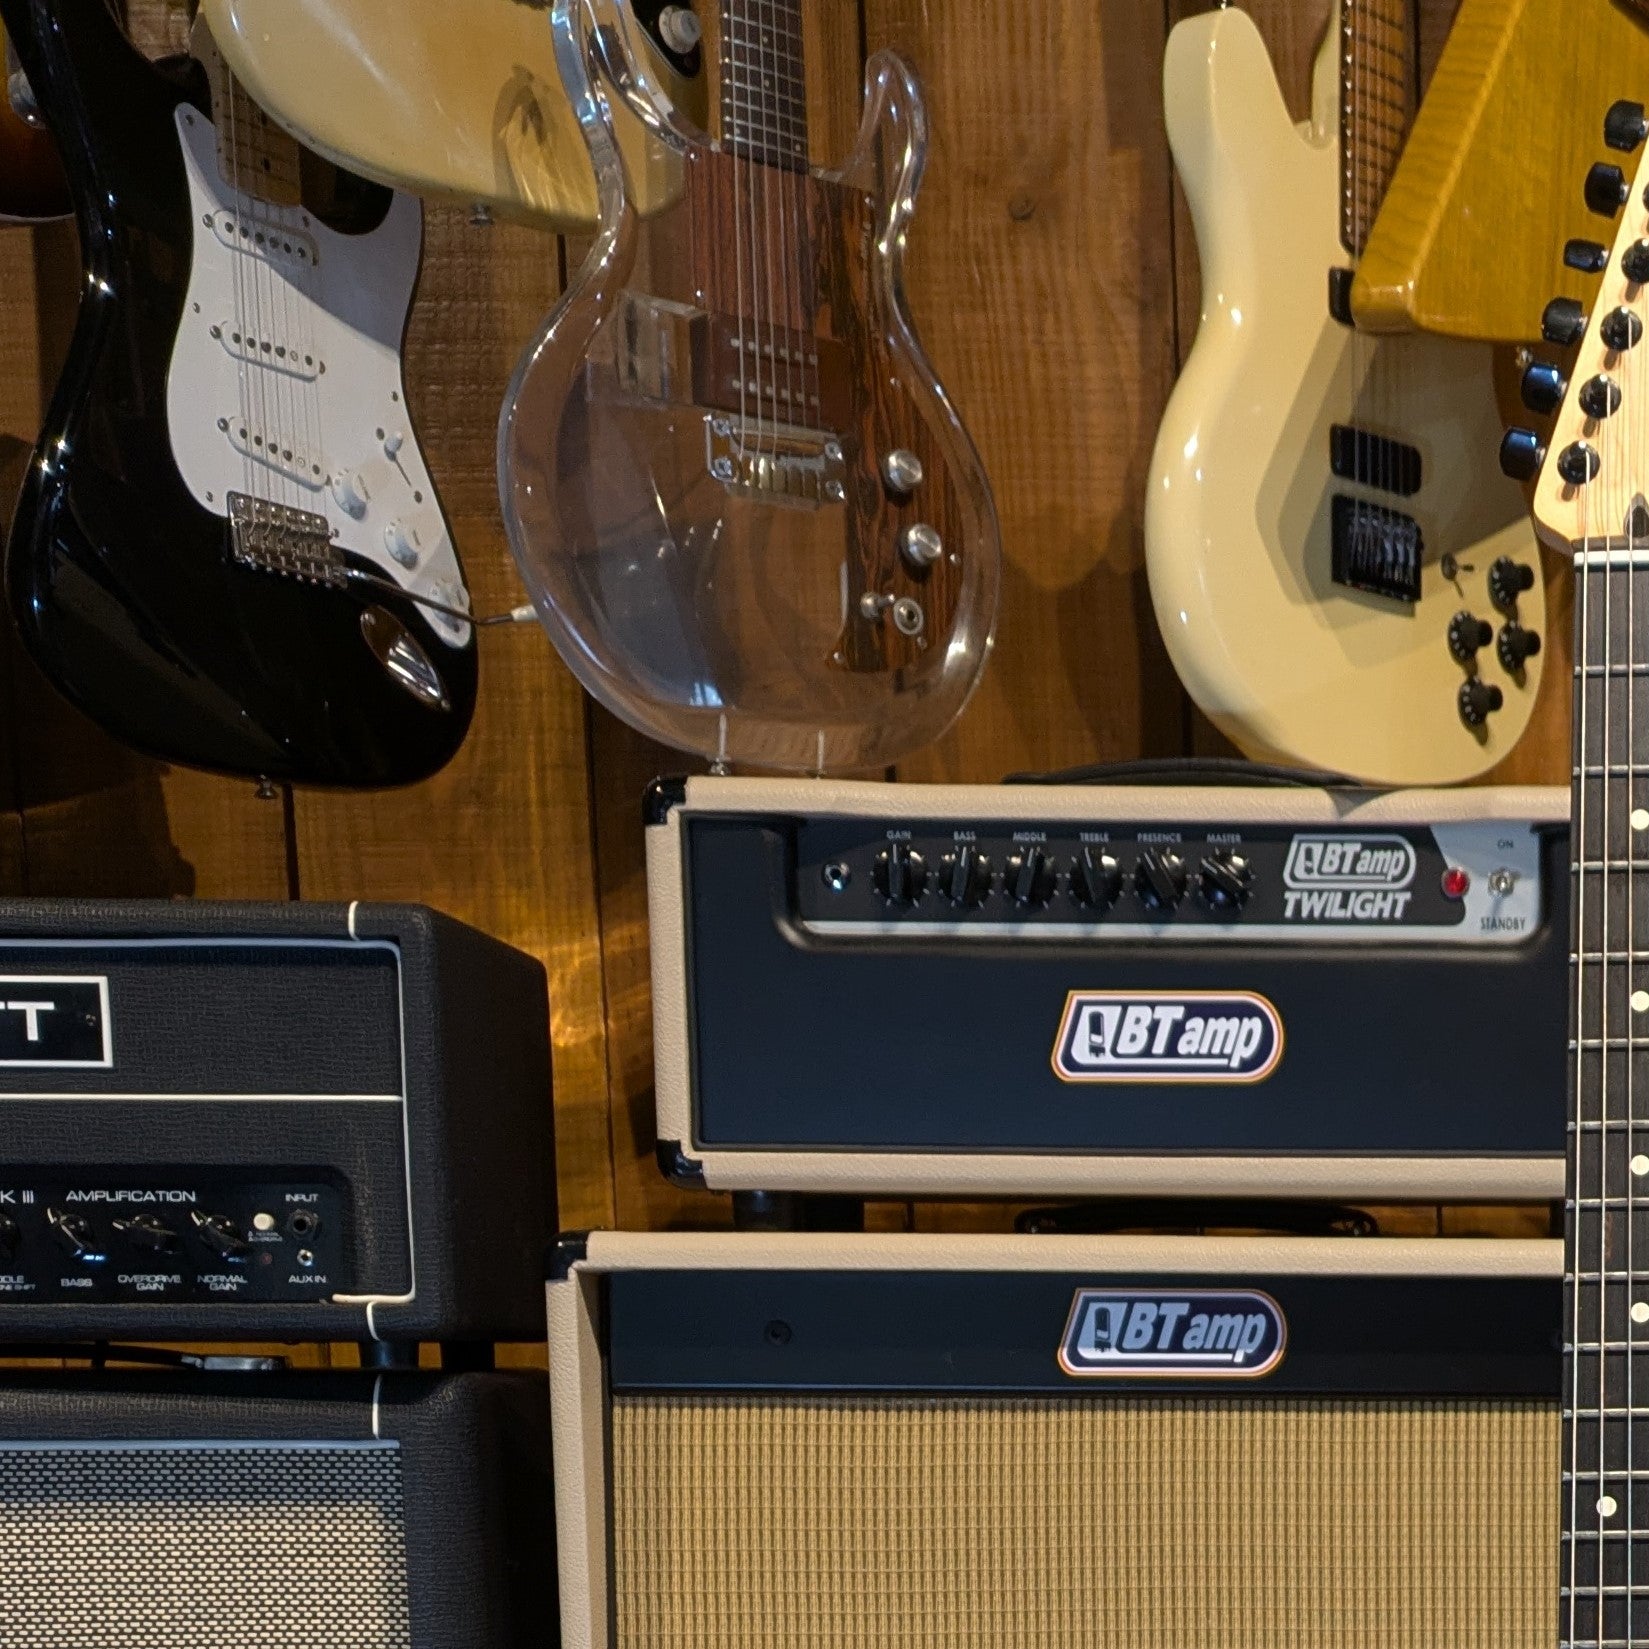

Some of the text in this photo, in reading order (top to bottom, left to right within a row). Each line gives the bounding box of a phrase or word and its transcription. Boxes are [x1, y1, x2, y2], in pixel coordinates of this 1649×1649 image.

[886, 830, 912, 840] GAIN
[953, 831, 977, 841] BASS
[1012, 832, 1047, 843] MIDDLE
[1079, 832, 1110, 843] TREBLE
[1137, 832, 1182, 843] PRESENCE
[1206, 833, 1242, 844] MASTER
[1497, 839, 1514, 849] ON
[1284, 890, 1412, 919] TWILIGHT
[1480, 916, 1526, 931] STANDBY
[22, 1189, 34, 1204] III
[66, 1189, 197, 1202] AMPLIFICATION
[285, 1193, 319, 1202] INPUT
[60, 1278, 93, 1287] BASS
[117, 1274, 181, 1283] OVERDRIVE
[197, 1274, 247, 1284] NORMAL
[288, 1274, 327, 1284] AUX IN
[136, 1282, 164, 1291] GAIN
[209, 1282, 238, 1291] GAIN
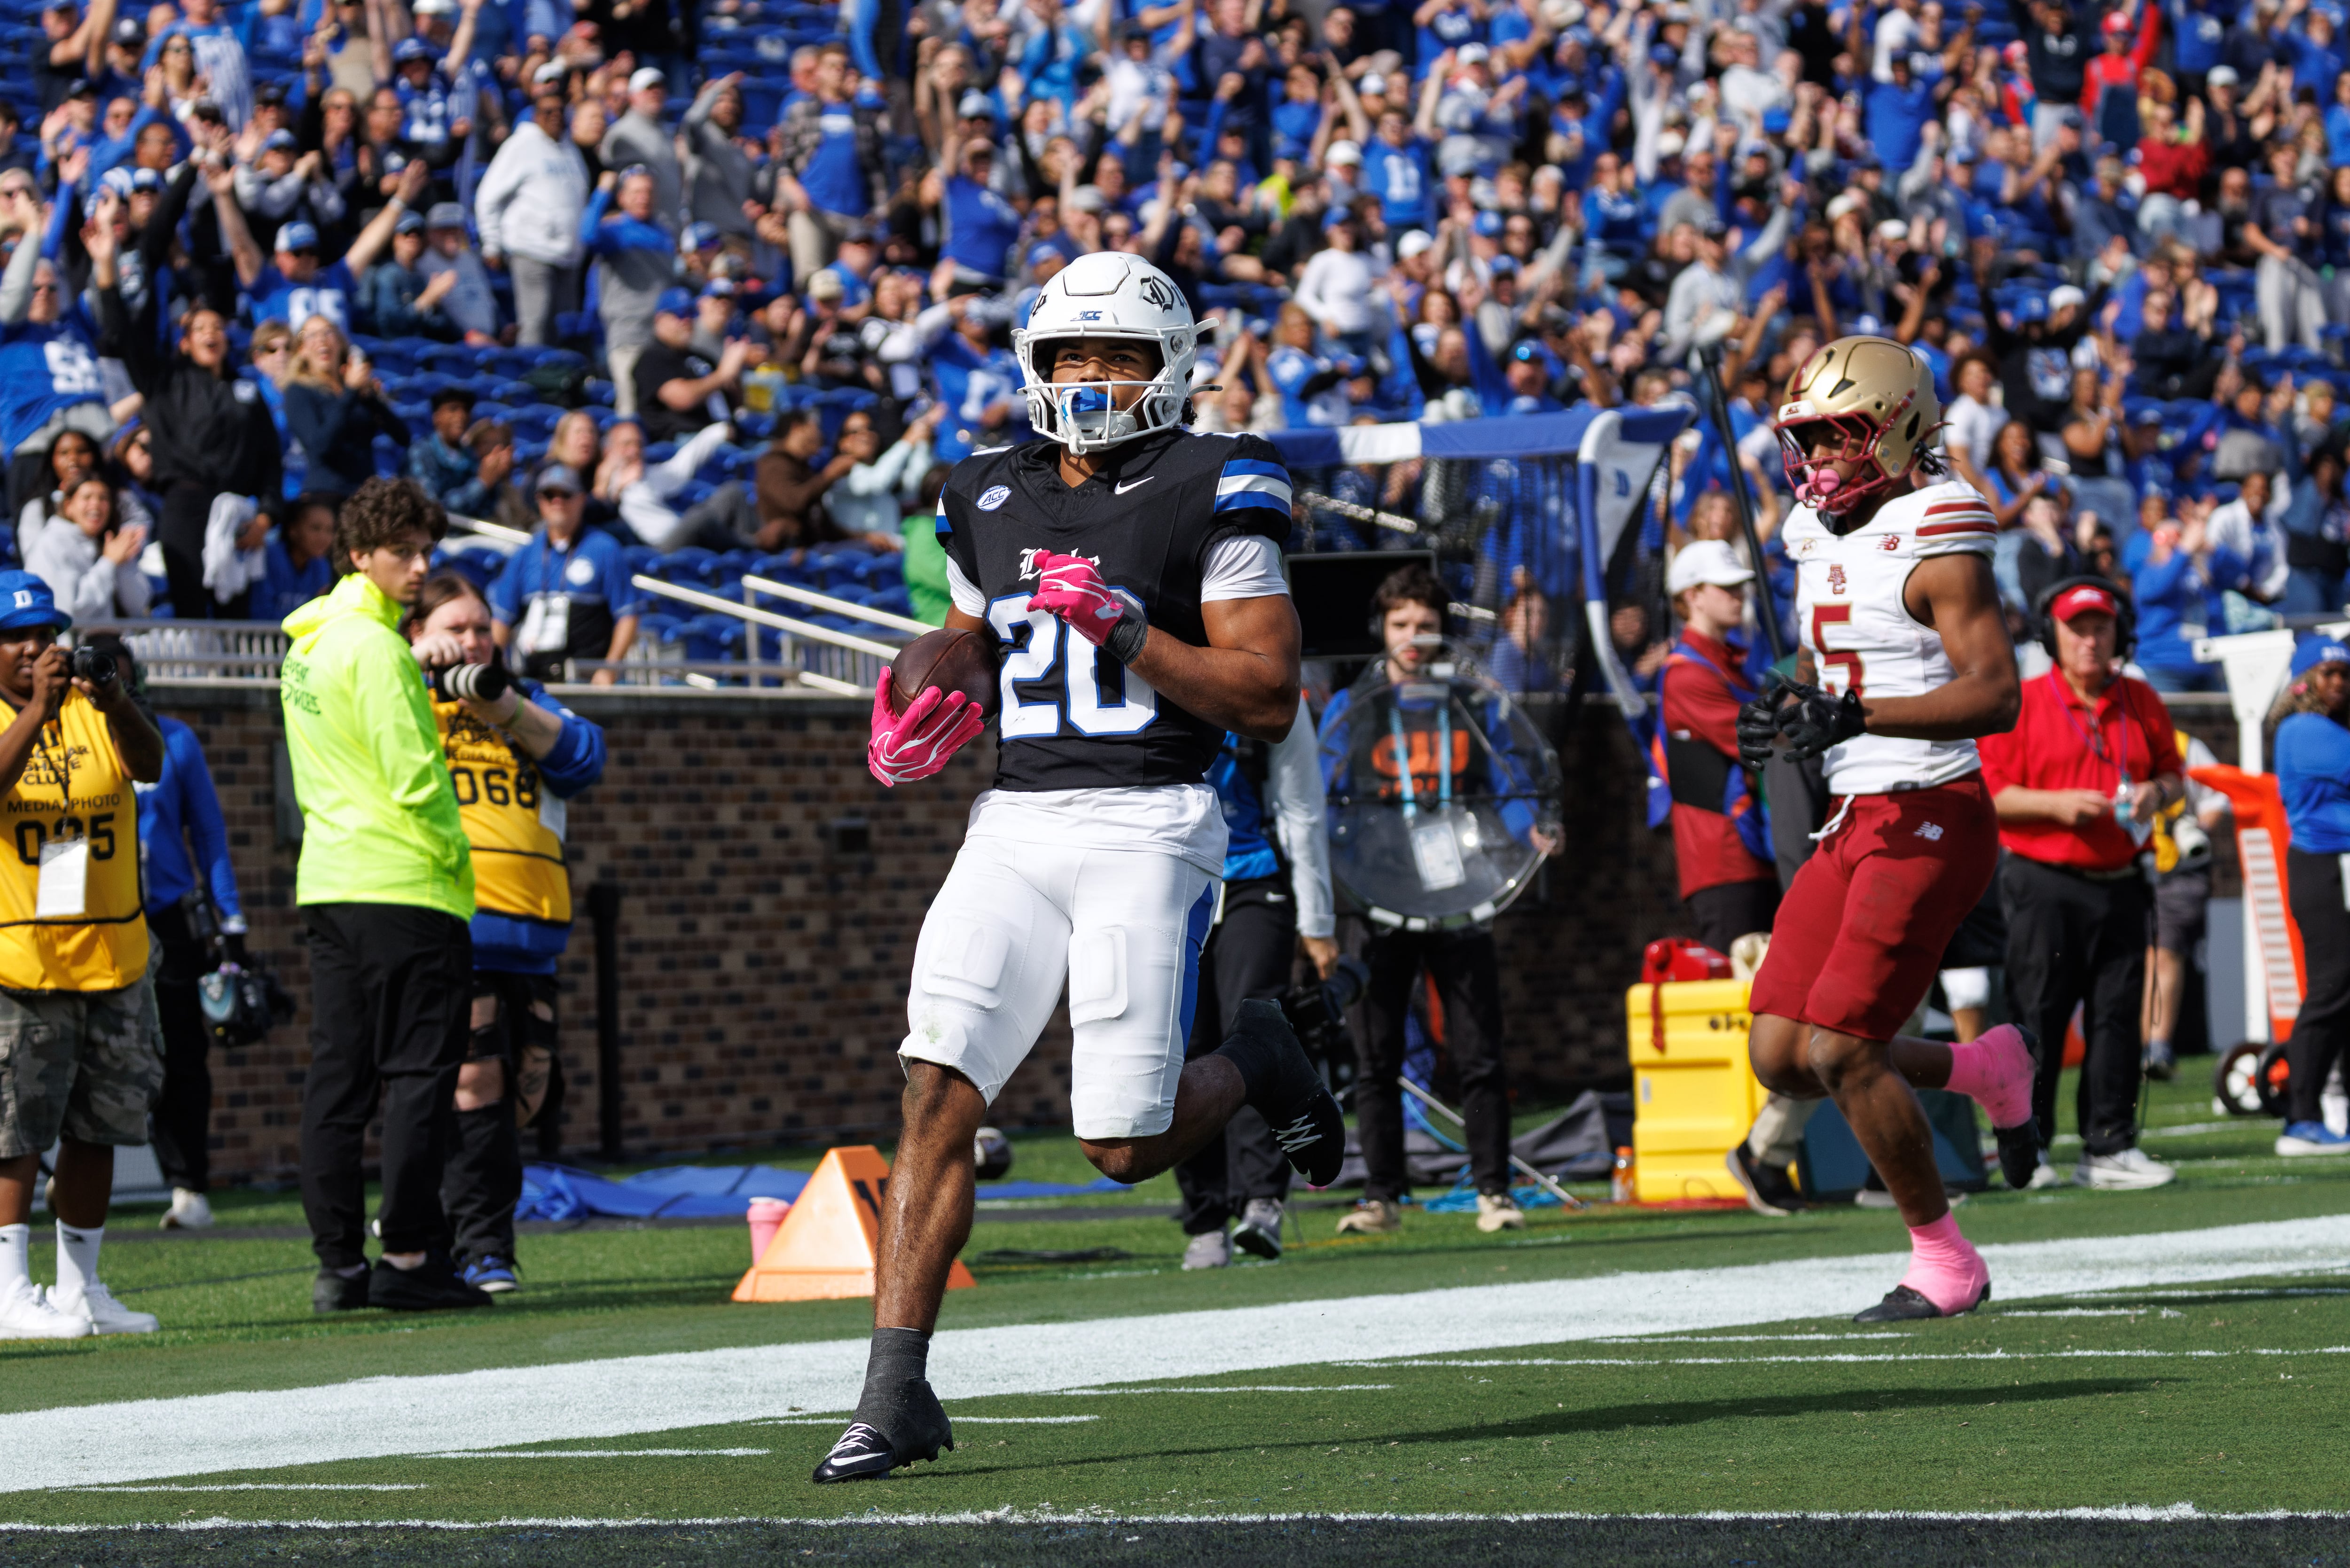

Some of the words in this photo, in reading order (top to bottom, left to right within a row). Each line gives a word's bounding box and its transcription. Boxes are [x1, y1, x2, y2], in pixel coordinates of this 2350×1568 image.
·····
## Work item
Give back all of the entries above exactly, with the pictures excluded.

## Exercise result
Some of the text in this photo, in reading order (top to bottom, left to right within a row). Each line gives the bounding box of a phrase or word and its transcription. Boxes are [x1, y1, x2, y2], in pixel coordinates of this 1649×1649 image.

[886, 830, 912, 840] GAIN
[953, 831, 977, 841] BASS
[1012, 832, 1047, 843] MIDDLE
[1079, 832, 1110, 843] TREBLE
[1137, 832, 1182, 843] PRESENCE
[1206, 833, 1242, 844] MASTER
[1497, 839, 1514, 849] ON
[1284, 890, 1412, 919] TWILIGHT
[1480, 916, 1526, 931] STANDBY
[22, 1189, 34, 1204] III
[66, 1189, 197, 1202] AMPLIFICATION
[285, 1193, 319, 1202] INPUT
[60, 1278, 93, 1287] BASS
[117, 1274, 181, 1283] OVERDRIVE
[197, 1274, 247, 1284] NORMAL
[288, 1274, 327, 1284] AUX IN
[136, 1282, 164, 1291] GAIN
[209, 1282, 238, 1291] GAIN

Some of the words in this photo, in reading order (top to bottom, left to right within a row). Each line gives a word's bounding box and its transcription. Boxes are [x1, y1, x2, y2], in pixel coordinates of this 2350×1568 image.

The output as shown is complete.